As the recovery gains momentum, talent managers are expected to quickly recruit the right people for many new and replacement positions using fewer resources. While all recruitment concerns are legitimate and must be addressed, talent leaders should be careful not to allow recruitment myths to delay taking the most efficient and effective course of action on business-critical hiring.

[Here are the first two myths that Harty discusses. To read the complete article, please click here.]

Myth 1: Filling a high volume of hard-to-fill positions is nearly impossible. A hard-to-fill position requires a unique or specialized skill set that can sometimes be difficult to find either because few people have it or so many companies need it. The competition for people with scarce, in-demand skills is high.

For example, lithium ion battery engineers, who have highly specific knowledge, are in great demand these days. Every automaker, battery manufacturer and alternative energy provider needs to hire them. Another factor contributing to the difficulty of finding the right person for a hard-to-fill position is geographic location. The local labor pool may be too small or the location itself may not be attractive to viable candidates.

Managers who fail in this situation don’t know how to create talent pools and how to source creatively enough to fill the volume.

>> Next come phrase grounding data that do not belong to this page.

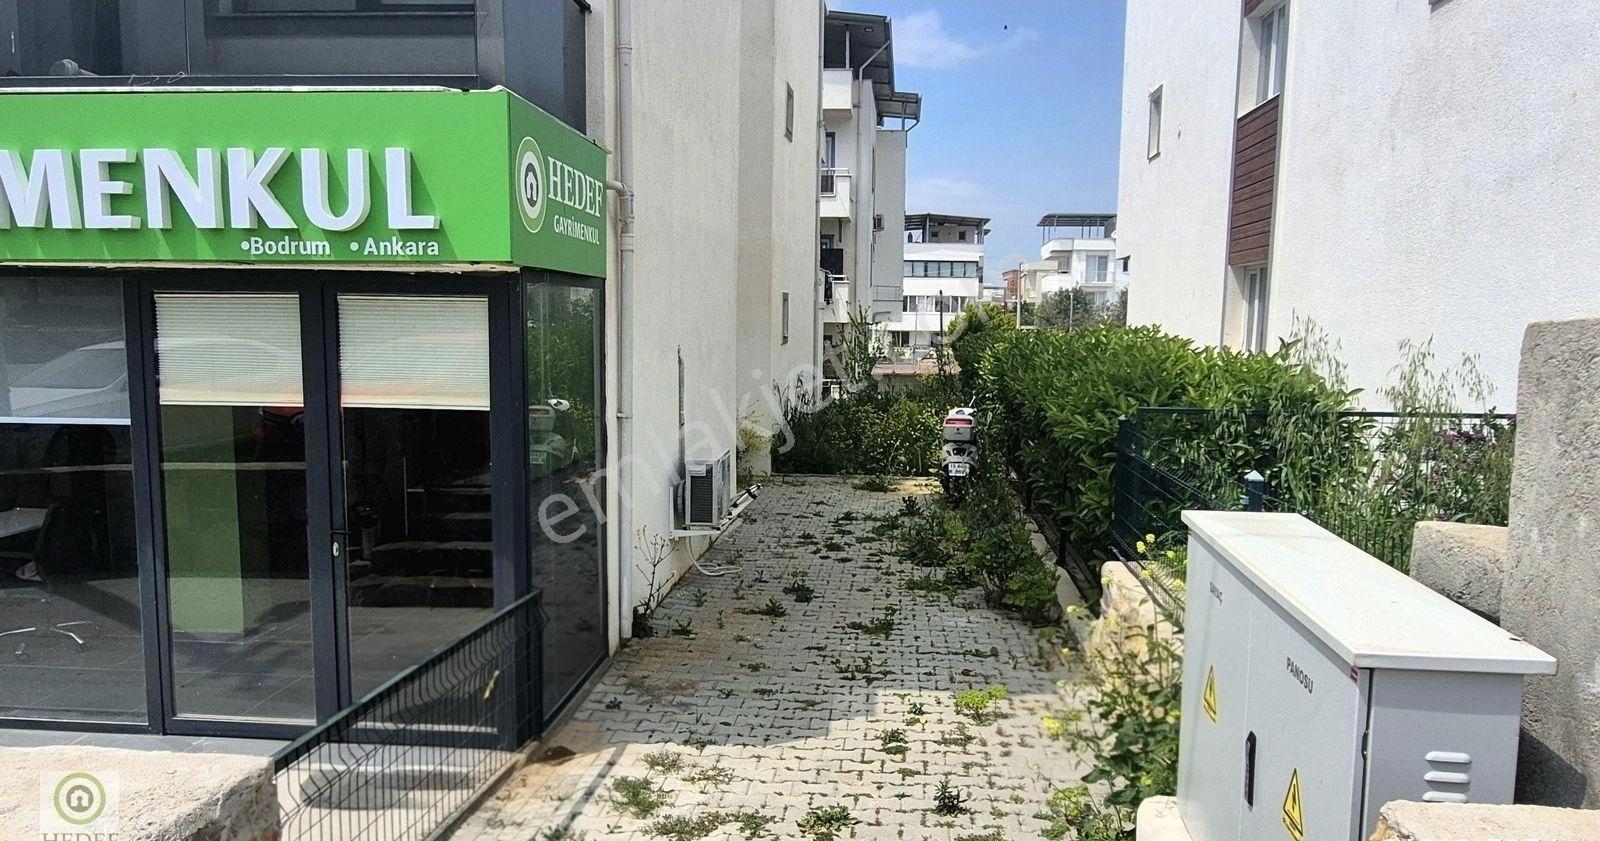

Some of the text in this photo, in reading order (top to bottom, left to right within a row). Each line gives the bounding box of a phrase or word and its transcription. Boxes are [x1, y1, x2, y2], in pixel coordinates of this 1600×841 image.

[0, 147, 440, 231] MENKUL
[547, 156, 603, 217] HEDEF
[363, 238, 439, 256] Ankara
[554, 215, 600, 245] GAYRİMENKUL
[1286, 656, 1314, 692] PANOSU

What’s needed to fill volume is to understand the parameters of what makes the job hard to fill in the first place, and then to mine underutilized sourcing channels to build specifically skilled candidate pools.

Talent managers can start by digging into their competitors to find candidates with experience, or look at colleges for graduates with relevant degrees. They should think about how to motivate qualified people to move to the geographic location and offer incentives to make the company more attractive than competitors. Talent managers looking for candidates with a specific skill set both immediately and over time can tap into popular social media tools to build communities of people who do that type of work. Moving on from the post-and-pray approach into strategic candidate pooling allows them to fill a high volume of hard-to-fill positions.

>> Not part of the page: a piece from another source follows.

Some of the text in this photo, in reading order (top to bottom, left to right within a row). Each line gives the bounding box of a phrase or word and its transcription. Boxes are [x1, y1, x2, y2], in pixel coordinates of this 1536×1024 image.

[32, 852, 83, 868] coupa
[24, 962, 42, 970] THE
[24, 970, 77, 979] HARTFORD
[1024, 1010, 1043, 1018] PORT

Myth 2: Hiring for volume means you need to sacrifice quality. When hiring a lot of people in a short period of time, the speed imperative can make it feel like quality will have to suffer — but the truth is it doesn’t have to. To maintain a high level of candidate quality when moving quickly, managers may need to divide the tasks among teams of recruiters. By doing so, managers can drive more of a lean approach to managing the volume. It’s the same principle as Henry Ford’s assembly line: While it takes a long time for one person to build one car and manufacturing that one car is very expensive, it is much faster to have teams of people building specific parts of many cars; and the more cars you build, the less expensive they are. This model can work just as well in recruitment; it’s efficient because the workflow is streamlined. Taking a lean team approach to driving volume hiring can help maximize candidate quality as well as efficiency.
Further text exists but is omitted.